--- Input ---

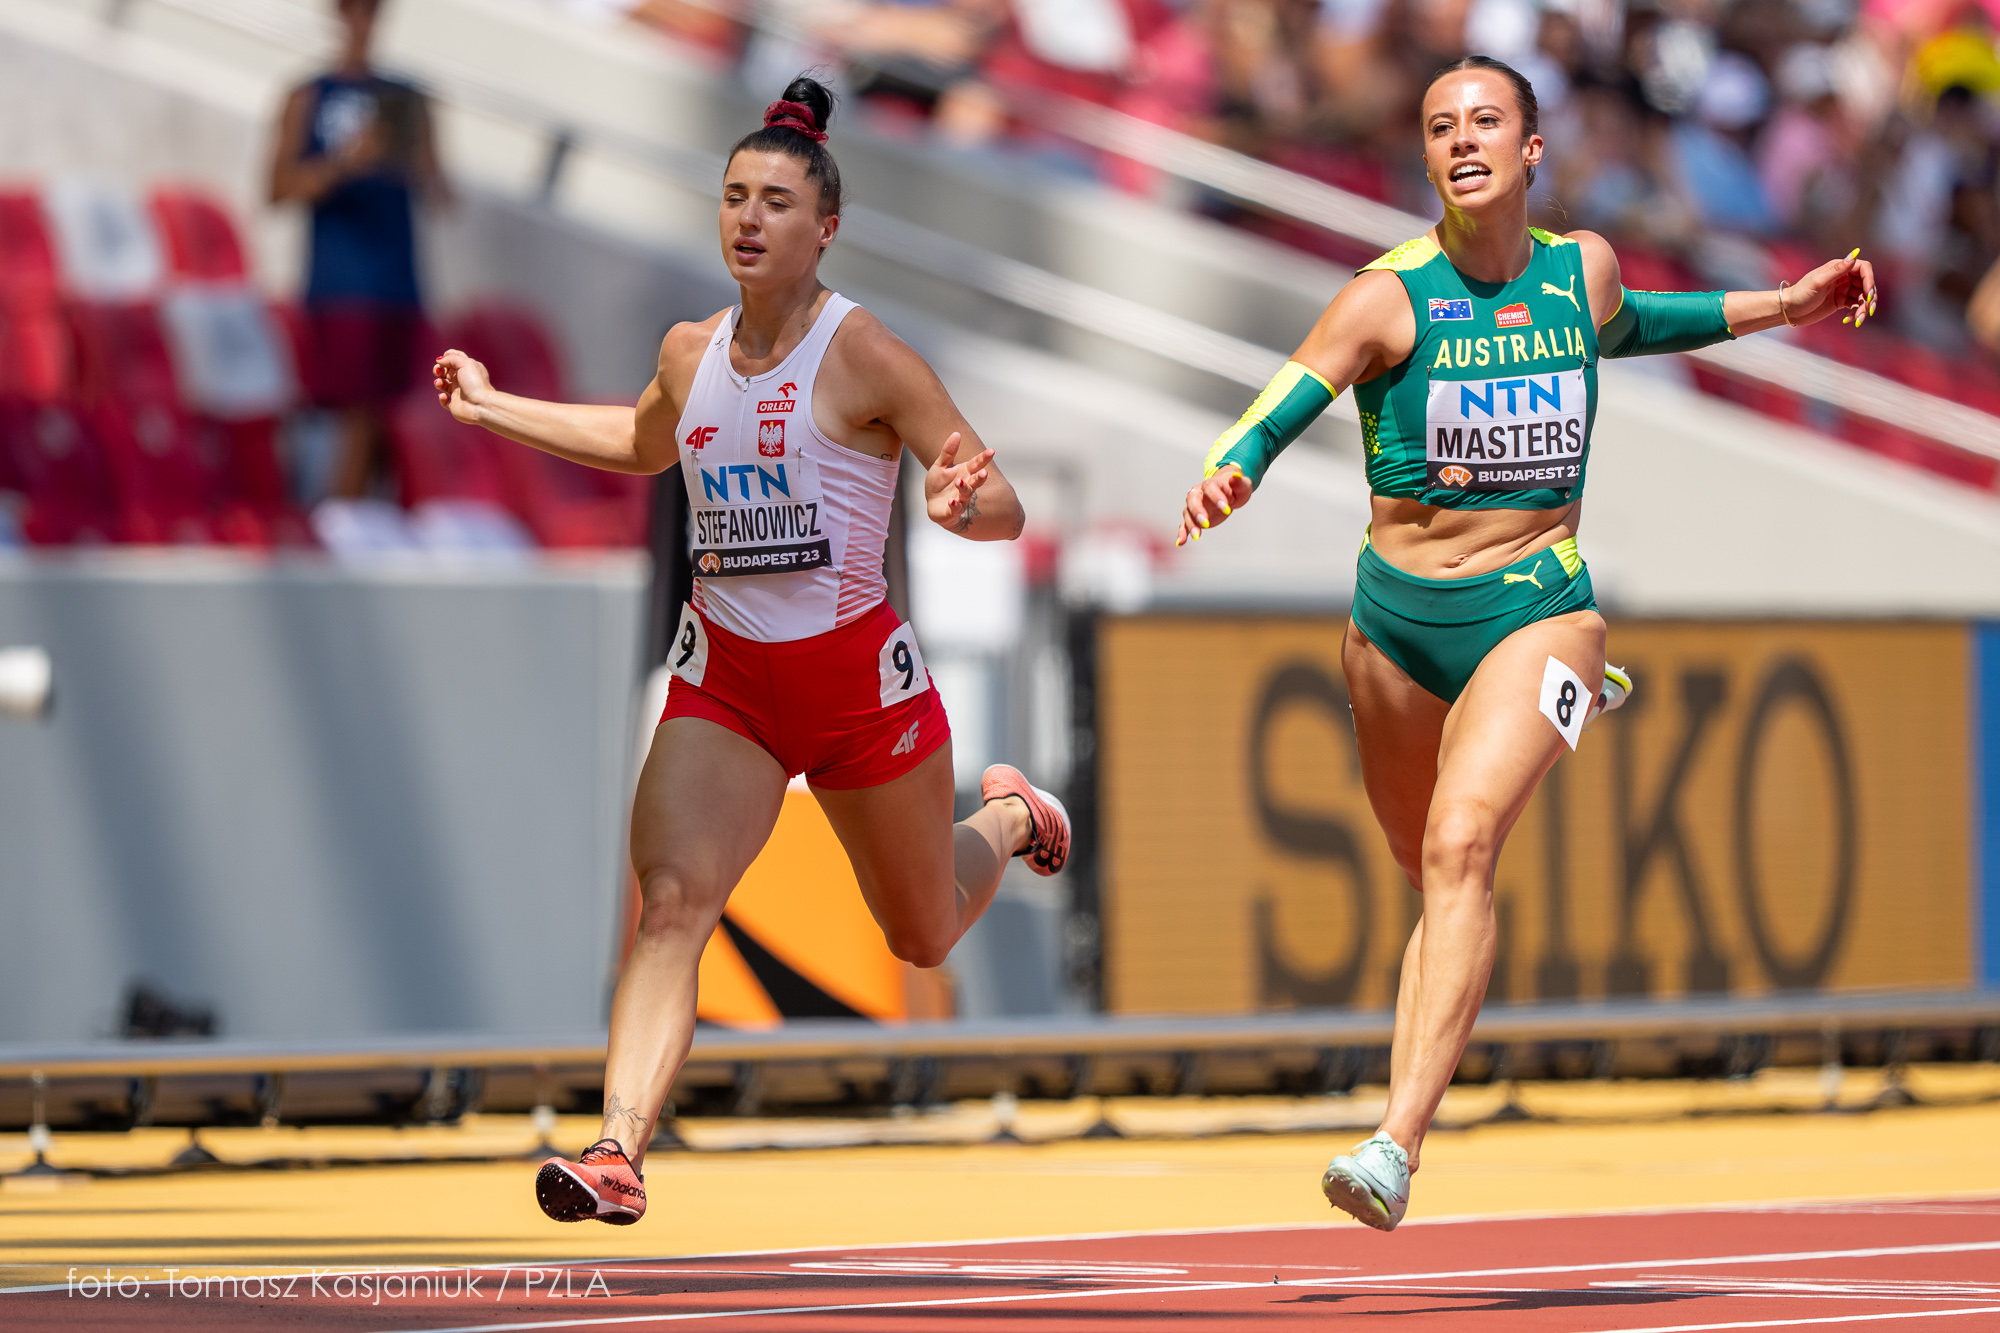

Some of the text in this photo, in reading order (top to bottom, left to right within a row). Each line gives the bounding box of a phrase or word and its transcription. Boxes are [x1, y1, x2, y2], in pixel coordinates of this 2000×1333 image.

[1497, 311, 1527, 320] CHEMIST
[1433, 327, 1586, 369] AUSTRALIA
[758, 401, 793, 412] ORLEN
[1460, 375, 1561, 419] NTN
[686, 426, 719, 449] 4F
[1436, 418, 1581, 460] MASTERS
[700, 463, 791, 503] NTN
[1478, 466, 1565, 483] BUDAPEST
[696, 502, 822, 545] STEFANOWICZ
[722, 549, 820, 569] BUDAPEST 23
[1556, 680, 1577, 728] 8
[891, 720, 919, 756] 4F
[1247, 648, 1858, 1008] SIKO
[601, 1174, 646, 1200] new balanc
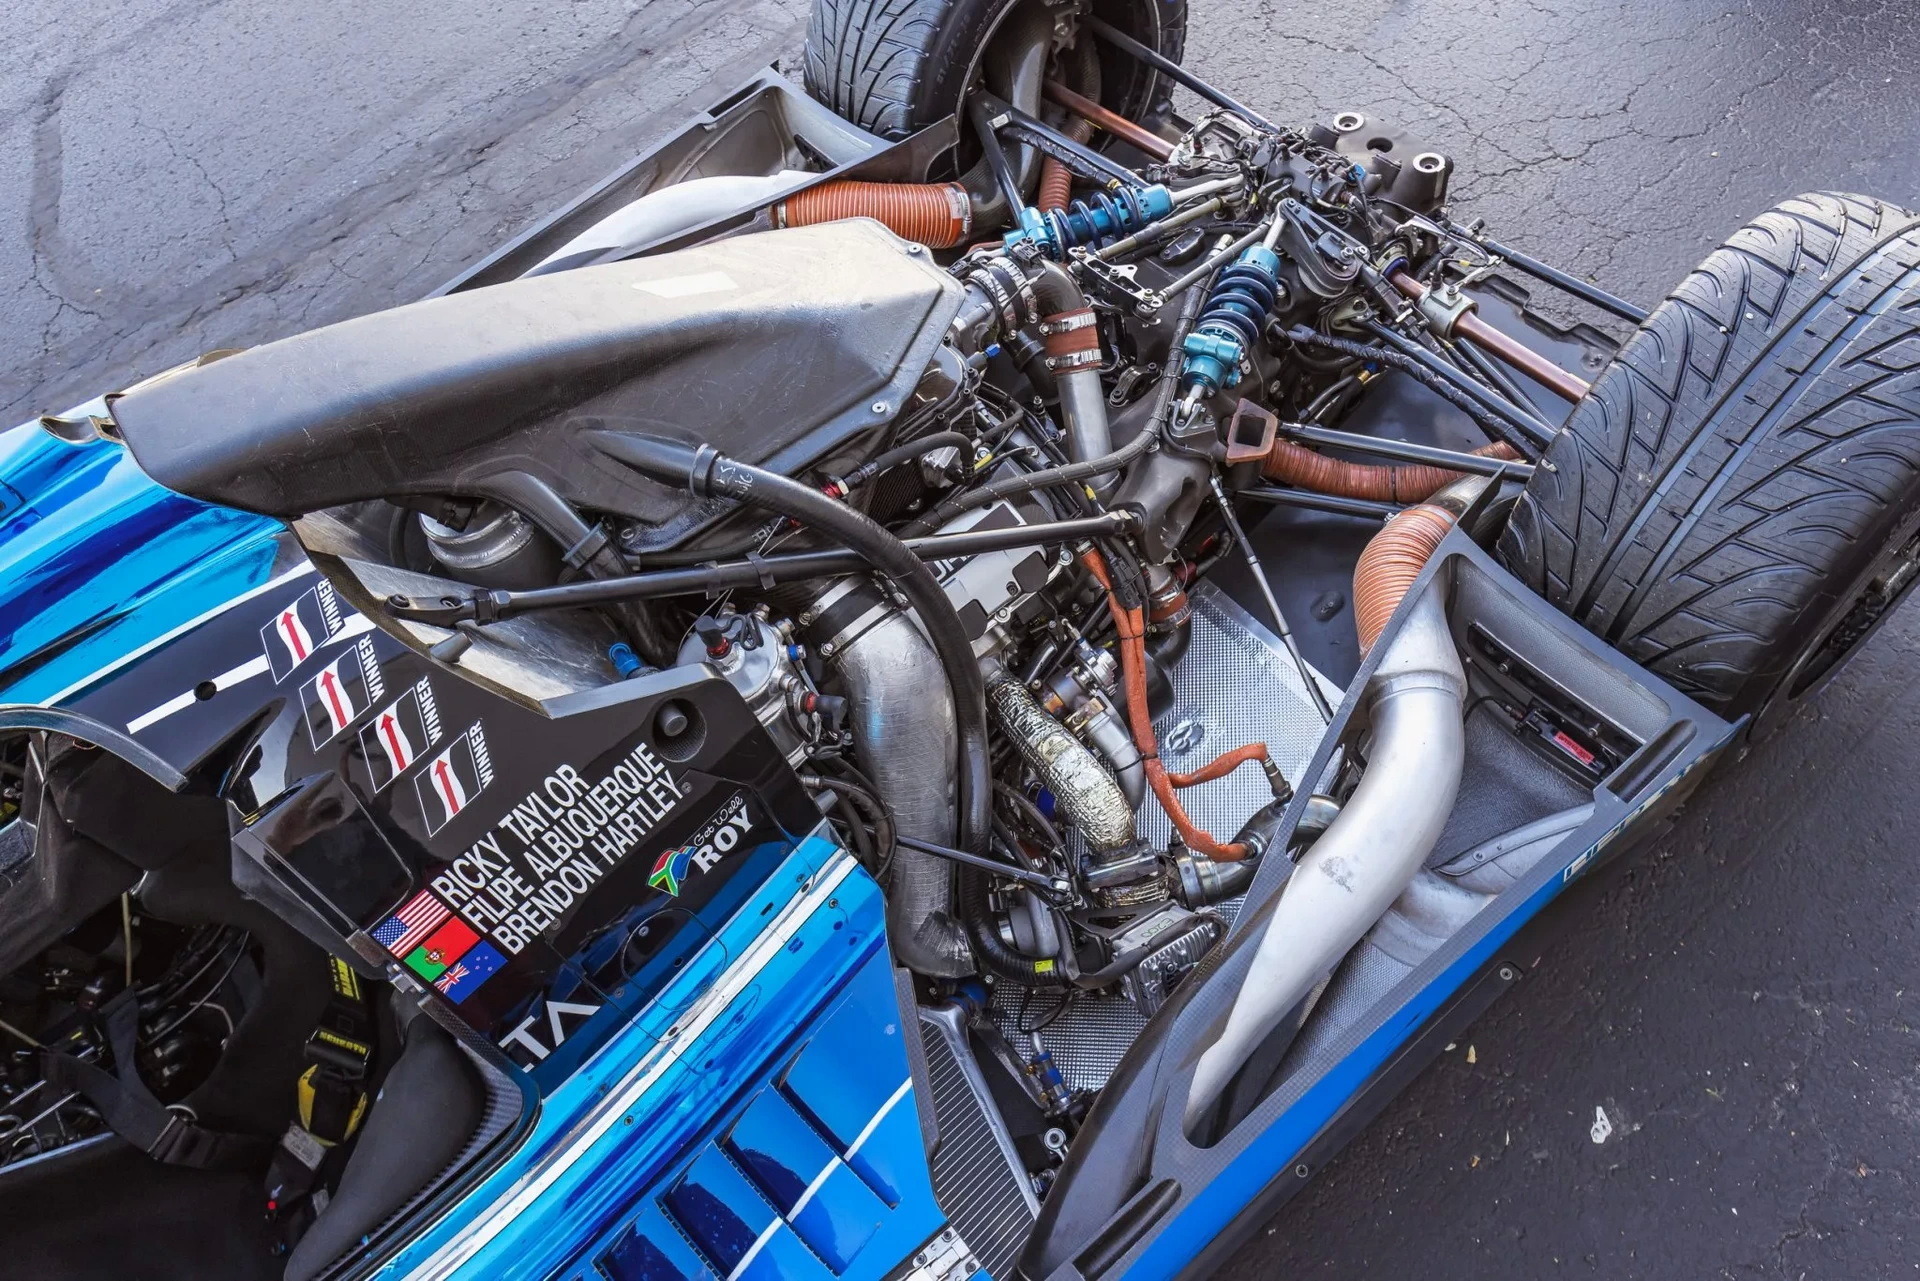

---

_Exercise goal_. Write out each line again, exactly as it appears above, except for any picture.

_Response_.
Some of the text in this photo, in reading order (top to bottom, left to right within a row). Each line gives the bounding box of a phrase or word and its transcription. Boxes are [x1, y1, x2, y2], in pixel coordinates of this 2000×1333 image.

[1497, 311, 1527, 320] CHEMIST
[1433, 327, 1586, 369] AUSTRALIA
[758, 401, 793, 412] ORLEN
[1460, 375, 1561, 419] NTN
[686, 426, 719, 449] 4F
[1436, 418, 1581, 460] MASTERS
[700, 463, 791, 503] NTN
[1478, 466, 1565, 483] BUDAPEST
[696, 502, 822, 545] STEFANOWICZ
[722, 549, 820, 569] BUDAPEST 23
[1556, 680, 1577, 728] 8
[891, 720, 919, 756] 4F
[1247, 648, 1858, 1008] SIKO
[601, 1174, 646, 1200] new balanc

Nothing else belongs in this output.